Our Datasets
Data Critique
For this study, the Stanford Education Data Archive (SEDA) used various publicly available data files, technical documentation, and data codebooks to gather data. The researchers used data pertaining to Title I funding, test scores, district level poverty rates, district characteristics, federal pandemic relief funding, and the percent of the 2020-21 school year that the district was operating with remote, hybrid, or in-person instruction. Test score data was found through probit models to estimate the average score in each district from the counts in each proficiency category. Regarding info about Title I funding, researchers obtained data on state-adjusted Title I allocations for districts from ED Data Express, allowing them to allocate Title I aid proportionately. Data on federal pandemic relief spending for schools was collected from Burbio, Inc. and Edunomics.org, including ESSER II and ESSER III allocations and spending reports as of various dates. Moreover, missing ESSER II data was imputed based on state-level ratios. Using Common Core of Data and EDFacts data, district characteristics data was generated using the Longitudinal Imputed School Dataset to estimate free and reduced-price lunch eligibility rates for U.S. public schools. Imputed values for erroneous entries and district-level rates were calculated as an enrollment-weighted average of school-level rates.
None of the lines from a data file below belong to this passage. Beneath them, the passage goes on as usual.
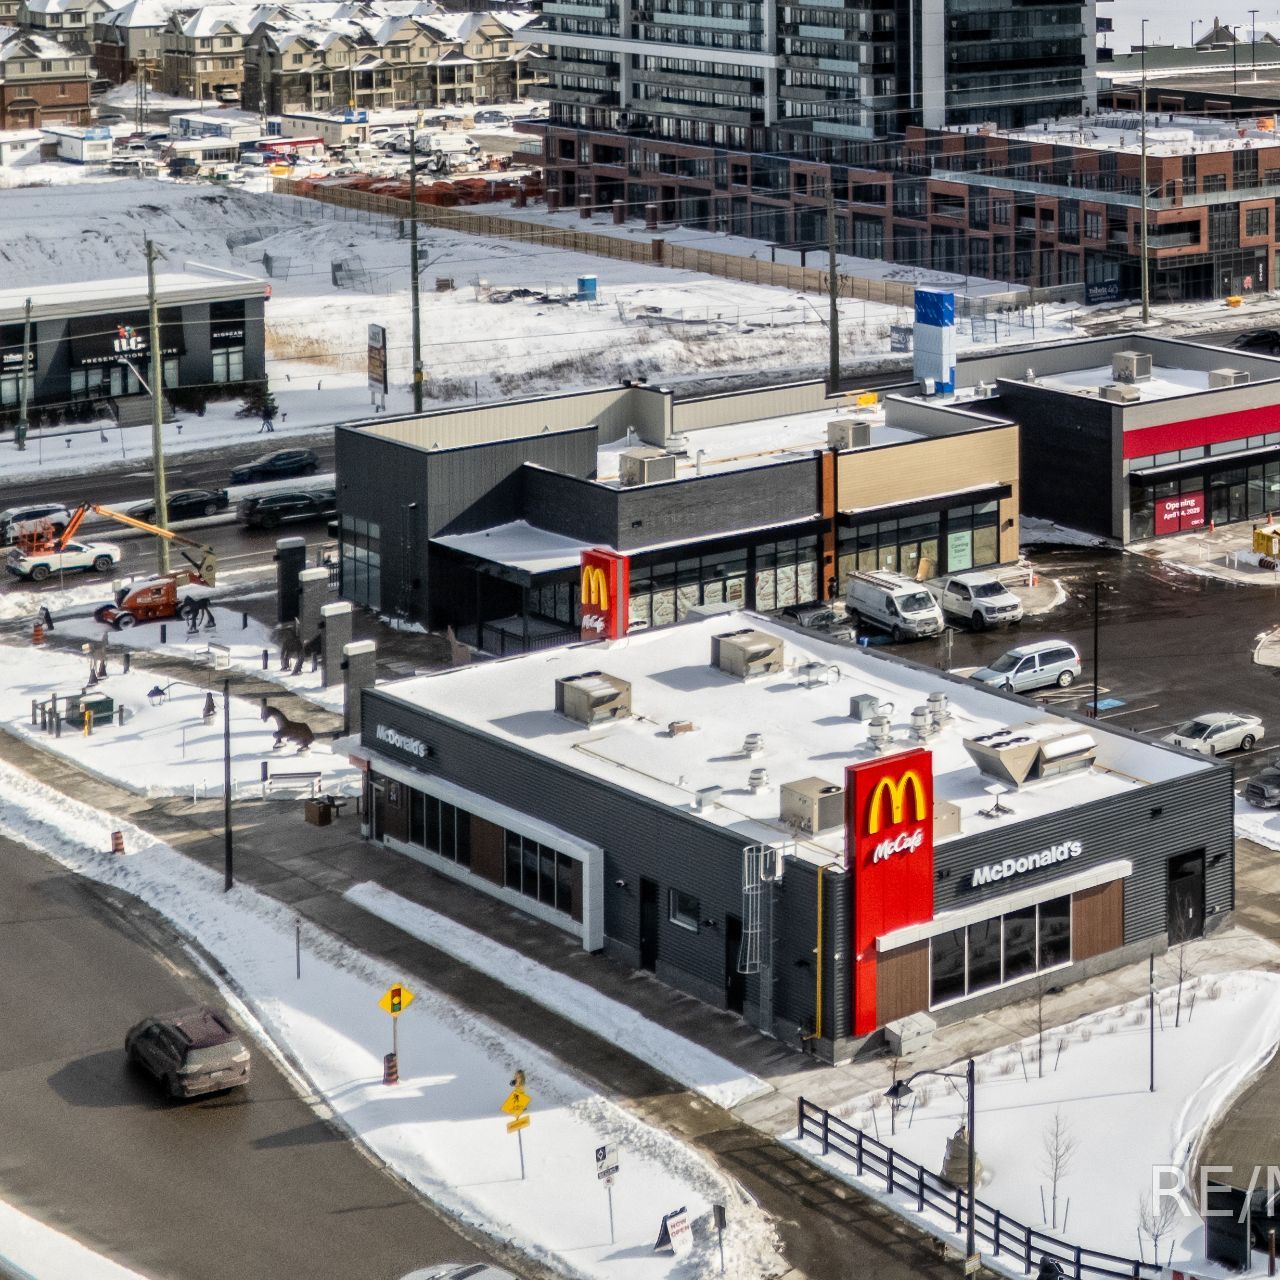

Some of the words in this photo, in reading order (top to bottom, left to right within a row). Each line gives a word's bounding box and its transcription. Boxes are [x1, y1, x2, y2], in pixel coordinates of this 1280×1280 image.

[81, 353, 143, 365] PRESENTATION
[146, 348, 178, 357] CTRE
[1165, 499, 1195, 510] Opening
[1163, 511, 1176, 520] April
[376, 724, 426, 758] McDonald's
[972, 841, 1082, 887] McDonald's
[670, 1218, 688, 1229] NOW
[671, 1224, 690, 1238] OPEN
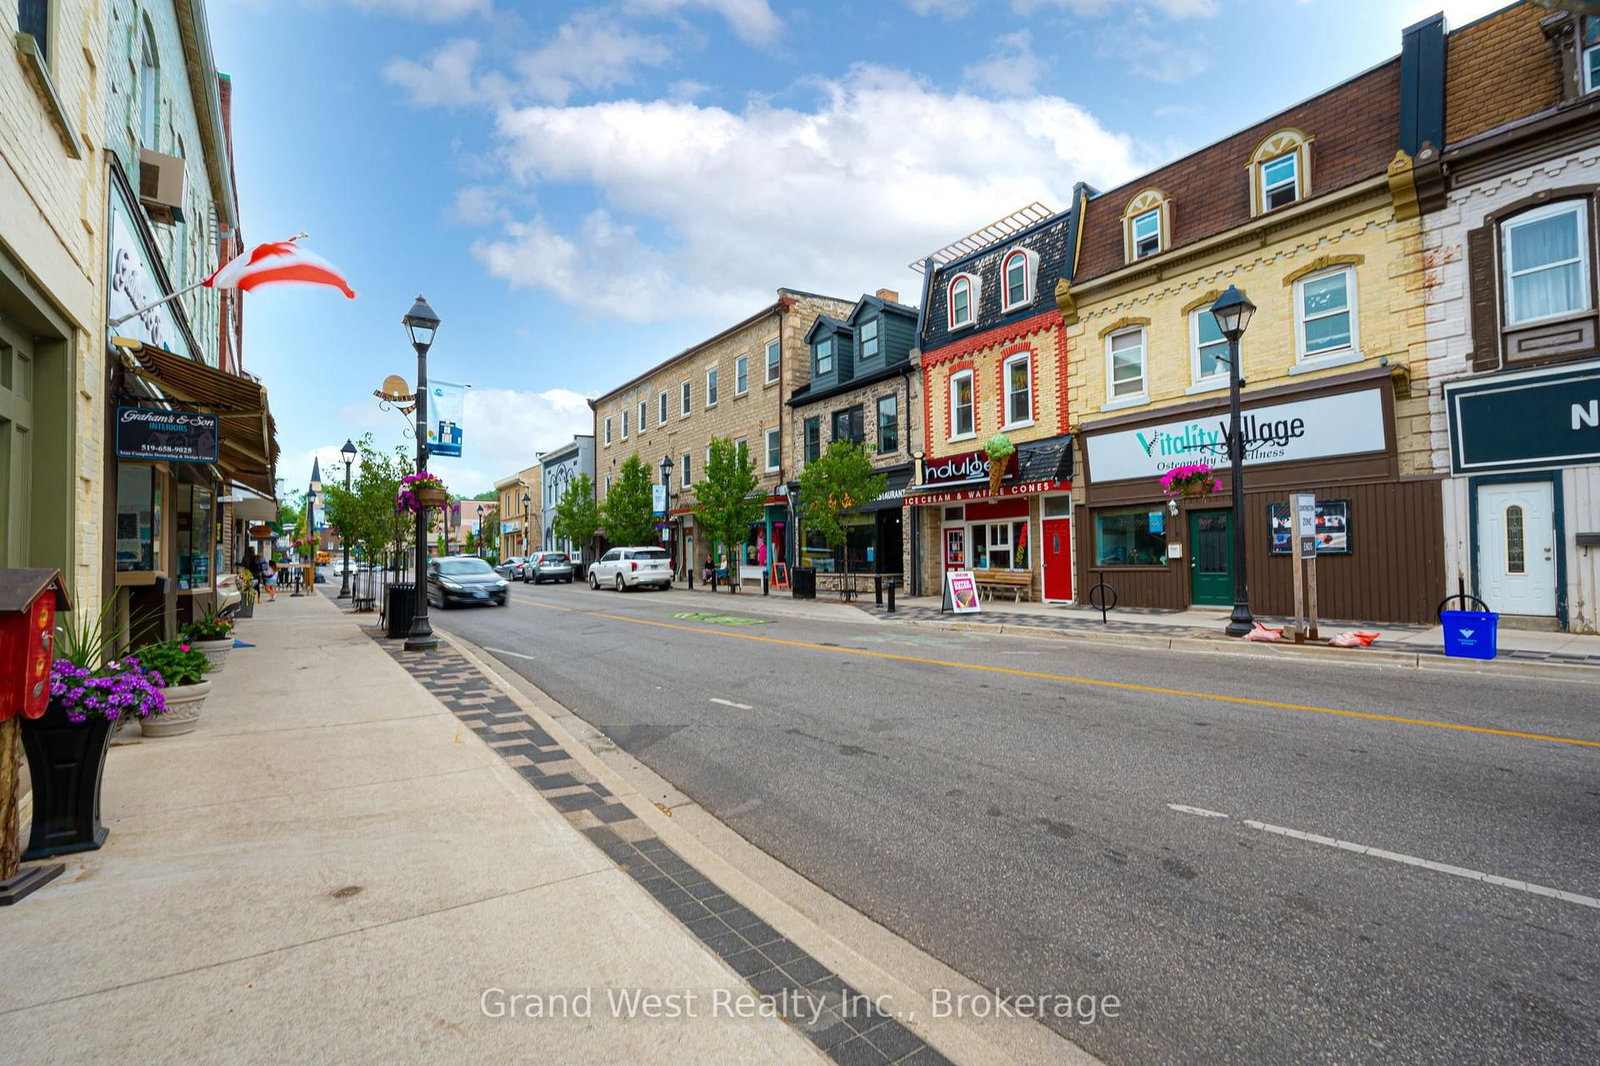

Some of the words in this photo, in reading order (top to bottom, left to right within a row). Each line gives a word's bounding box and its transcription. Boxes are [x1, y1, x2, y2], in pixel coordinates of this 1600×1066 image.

[121, 410, 174, 423] Graham's
[177, 415, 189, 424] &
[189, 416, 214, 427] Son
[149, 422, 188, 432] INTERIORS
[1135, 424, 1219, 457] Vitality
[1220, 414, 1305, 447] Vllage
[141, 444, 192, 454] 519-658-9025
[1243, 448, 1285, 461] ellness
[904, 497, 919, 506] ICE
[921, 493, 951, 504] CREAM
[957, 492, 962, 500] &
[1011, 481, 1049, 494] CONES
Finally, the measure of the share of each district operating remotely or in a hybrid mode was generated by averaging weekly district-level data from the Return to Learn tracker and the COVID-19 School Data Hub. Missing values were imputed via regression predictions to account for errors in each data source.
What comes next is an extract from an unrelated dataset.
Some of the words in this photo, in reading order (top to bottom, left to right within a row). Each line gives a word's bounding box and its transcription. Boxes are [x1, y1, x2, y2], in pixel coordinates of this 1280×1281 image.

The creation of this dataset by the Stanford Education Data Archive (SEDA), an initiative to improve educational opportunities via the use of data, is housed by the Educational Opportunity Project (EOP) at Stanford University. The National Center for Education Statistics (NCES), part of the IES, provided some data used in the creation of SEDA files; Data used to develop SEDA was retrieved from two primary sources: one is EDFacts, a U.S. Department of Education initiative with a similar goal to SEDA, via an agreement with NCES. The second is state-reported accountability data, and standardization of state data was through the National Assessment of Educational Progress (NAEP) SEDA itself is funded by grants from the Bill and Melinda Gates Foundation, the William T. Grant Foundation, Institute of Education Sciences (IES), the Overdeck Family Foundation, the Spencer Foundation, and a visiting fellowship from the Russell Sage Foundation.
The EOP organizes its data aims to “generate and share data and research that can help scholars, policymakers, educators, and parents learn how to improve educational opportunities for all children.” Thus, while it is academically-oriented, it is also designed to be accessible for the general public. It targets racial achievement gaps, gender achievement gaps, and SES achievement gaps across non-COVID impacted years, and aims to shed light on pandemic-related losses and recoveries with regards to achievement.
The Covid Pandemic Impact on Educational Opportunities dataset includes versions 1.0 to 5.0 and SEDA 2022 to 2023. Specifically, the SEDA provides data measuring educational opportunities in every community in America. They give data that indicates 2009-2019 educational opportunities, which measures demographics, opportunity gaps, and export reports. Also, Education Recovery Explorer gives insight into remote learning federal funds that impacted student learning during the pandemic season. The interactive map depicts school segregation between racial and economic groups in the country. However, some information needs to be included in the spreadsheets.
First, there is a need for more data according to ethnicity and type of school. For the dataset, the achievement gaps measure all the races against white, but other permutations are not included (e.g. Hispanic-Asian achievement gaps), so it does not account for different racial gaps. Consequently, we have less data to draw a more thorough conclusion about how different racial groups were impacted by the COVID-19 pandemic. Moreover, they separate individuals based on specific racial categories. Dividing the data in this way creates a fixed set of experiences to measure and is protective of student privacy, but may not be representative of the diverse and intersectional characteristics, identities, and experiences of students at these schools. In measuring for gender-achievement gaps, the 2012-2019 data dichotomizes male and female students while the 2022-23 model does not account for gender. This reinforces an ideological binary in this category that may not be representative of students’ self-declared identities.
In the data, test scores are a proxy for student achievement. This limits the implications of the study to test scores specifically, leaving out information on other measures such as COVID-19 transmission, student health and wellbeing, social-emotional wellness, absenteeism, enrollment rates, disciplinary rates, etc.
Lastly, SEDA data is focused on public school data, and private school data is not included. Although the number of public schools in the United States is higher than that of private schools, the data from private schools is not negligible because the proportion of students attending private schools is high. Also, even though SEDA includes data from every state in the U.S., it needs more information on some states. For example, states with insufficient data (i.e. Colorado and Tennessee) are removed. The researchers clarify that they have not made any adjustment to the estimates to account for changes in the population and in subgroups between 2019 and 2022, which could impact the data due to pandemic losses and declining enrollment. Additionally, SEDA provides data until 2023, so users need to research the latest data from 2024 individually. The SEDA data includes demographic information, but there needs to be more information about financial support for each school. Academic performance will differ from financial support or other outside impacts.